A few years ago, Perry came to Hayes, a longtime youth and education advocate, with an offer to build new computers for students in need. He launched Building Computers for Humanity, vowing to ensure that students in low-income families did not fall behind in school and could keep up with their friends with computer games.
“When he grew up, they couldn’t afford things,” Hayes said. “Everything they had was second hand, used. He taught himself about computers, used videos to learn how to put computers together. He wanted kids to have new, high-speed computers, not cheap, used ones.”
Perry grew up in Norwalk and attended Wagner College on Staten Island, N.Y., where he met Jayne. They married in 1977 and have three children, Janine, Greg Perry, elected in November to his second term on the Norwich Board of Education, and Jade Perry. Perry graduated from Yale in 1980 and learned there was a yearlong training program in clinical pastoral education.
The family moved to Norwich, and Perry worked as chaplain at Norwich Hospital until it closed in 1994. He then moved to Connecticut Valley Hospital in Middletown. There was no opening for a chaplain there, so Perry worked to develop the employee assistance program for the state Department of Mental Health and Addiction Services. He retired several years ago.

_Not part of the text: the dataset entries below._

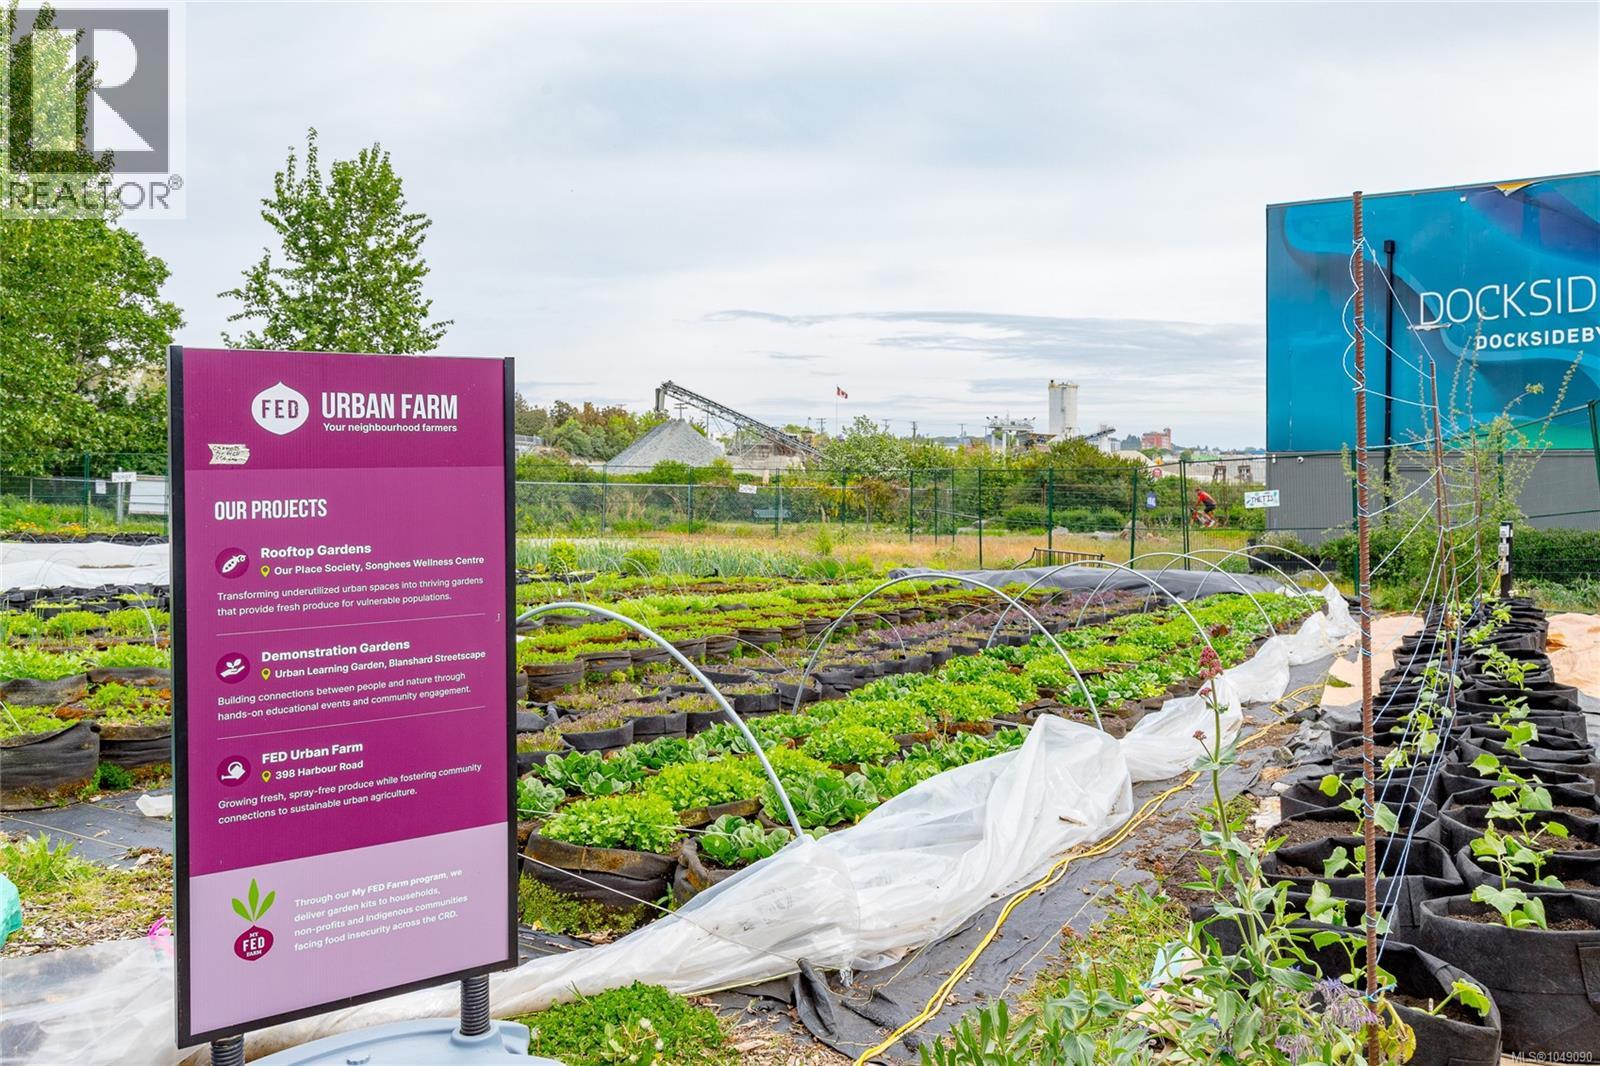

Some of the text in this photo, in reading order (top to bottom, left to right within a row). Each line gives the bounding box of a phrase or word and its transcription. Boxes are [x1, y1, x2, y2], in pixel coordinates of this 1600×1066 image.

[262, 400, 299, 419] FED
[322, 392, 458, 420] URBAN FARM
[323, 423, 458, 434] Your neighbourhood farmers
[214, 499, 328, 520] OUR PROJECTS
[261, 544, 372, 558] Rooftop Gardens
[274, 556, 484, 576] Our Place Society, Songhees Wellness Centre
[217, 576, 484, 601] Transforming underutilized urban spaces into thriving gardens
[217, 592, 452, 616] that provide fresh produce for vulnerable populations.
[262, 640, 410, 662] Demonstration Gardens
[274, 651, 486, 678] Urban Learning Garden, Blanshard Streetscape
[218, 672, 466, 706] Building connections between people and nature through
[218, 686, 471, 721] hands-on educational events and community engagement.
[262, 743, 364, 764] FED Urban Farm
[276, 760, 364, 780] 398 Harbour Road
[218, 764, 482, 810] Growing fresh, spray-free produce while fostering community
[218, 788, 417, 824] connections to sustainable urban agriculture.
[294, 870, 462, 907] Through our My FED Farm program, we
[294, 910, 326, 922] deliver
[328, 904, 358, 917] garden
[360, 900, 376, 909] kits
[390, 887, 440, 903] households,
[294, 895, 468, 936] non-profits and Indigenous communities
[294, 910, 458, 952] facing food insecurity across the CRD.
[243, 937, 265, 952] FED

Although trained as a Baptist minister, Perry was offered the position at Greeneville Congregational Church about 20 years ago, Jayne Perry said.
She said since Friday, the family has received enormous support from the greater Norwich community, with friends and restaurants bringing meals and offering assistance. Churches throughout the city have offered to host a service for Perry.
“We live in a wonderful community,” Jayne Perry said. “We are seeing an outpouring like you wouldn’t believe.”